Merge collinear segments that share the same y (or x) coordinate and whose x-extents overlap or are contiguous within a small gap threshold (e.g., 2 pt). This handles dashed or dotted rules: a dashed line in PDF is typically realized as many short `l`/`S` segments that must be merged back into a logical line.
Hairline rules (line width < 0.5 pt) are visually invisible at normal zoom but still define table structure. Do not filter by line width; instead, track line width as metadata for later rendering decisions.
After merging, find all intersection points between horizontal and vertical segments. These intersections are candidate grid vertices.
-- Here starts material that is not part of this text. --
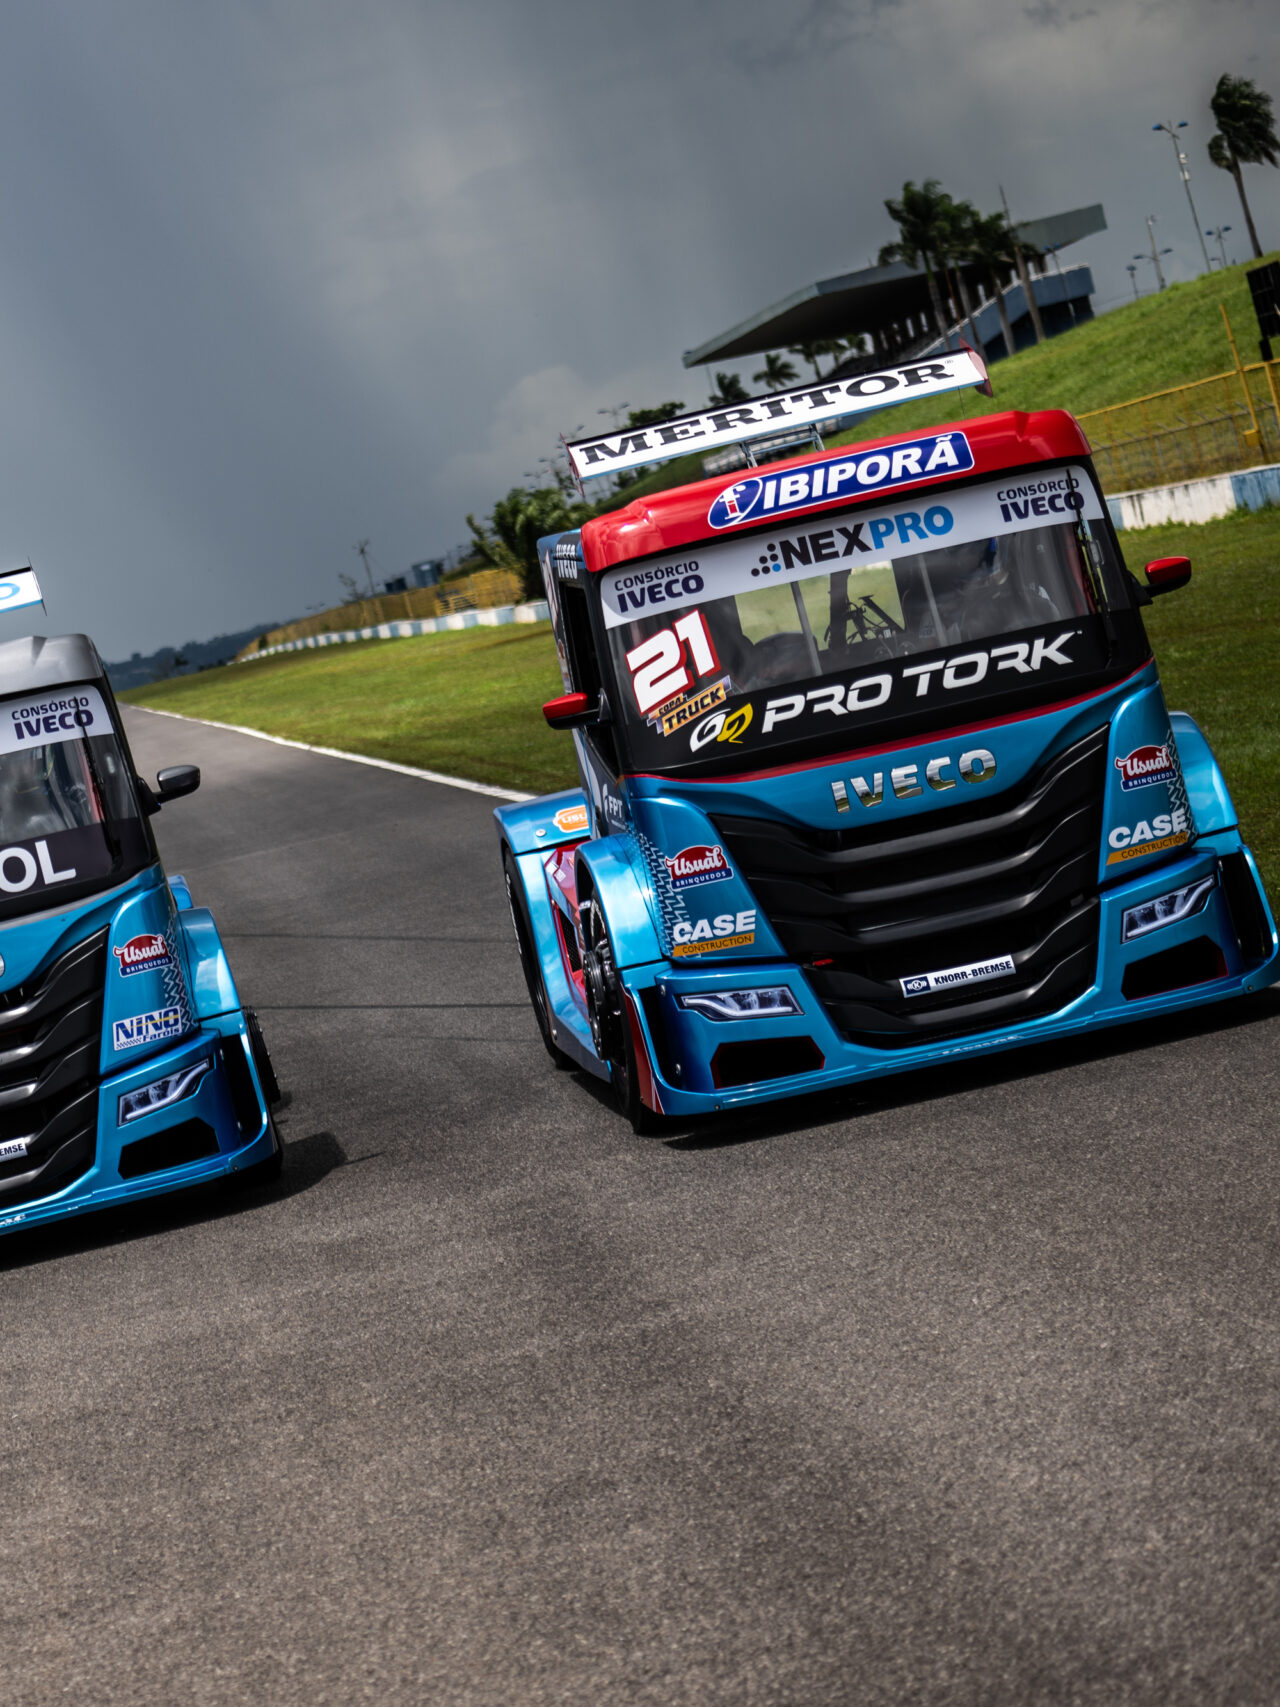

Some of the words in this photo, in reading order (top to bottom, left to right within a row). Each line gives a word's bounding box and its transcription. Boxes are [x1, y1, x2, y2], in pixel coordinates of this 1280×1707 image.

Build the grid by:
1. For each unique y-coordinate of a horizontal line, record its x-extent.
2. For each unique x-coordinate of a vertical line, record its y-extent.
3. A valid grid cell exists between four vertices (x0,y0), (x1,y0), (x0,y1), (x1,y1) where all four edges are present.
### Partial Borders
Many real-world tables use only top and bottom borders (no vertical separators), or only an outer frame (no interior lines). Handle this by relaxing the grid completeness requirement: a cell boundary edge need not exist as a drawn line it may instead be inferred from whitespace gaps (see next section). A mixed detection pass first identifies all explicit lines, then applies gap analysis only in the regions where lines are absent.
---
## Whitespace Gap Analysis (Borderless Tables)
When no ruling lines are present, column boundaries must be inferred from the distribution of glyph bounding boxes.
### Projection Profiles
For each horizontal band (row) of glyphs, compute the union of all glyph x-extents. This produces an "occupied" interval set. The complement the gaps between occupied intervals are candidate column separators.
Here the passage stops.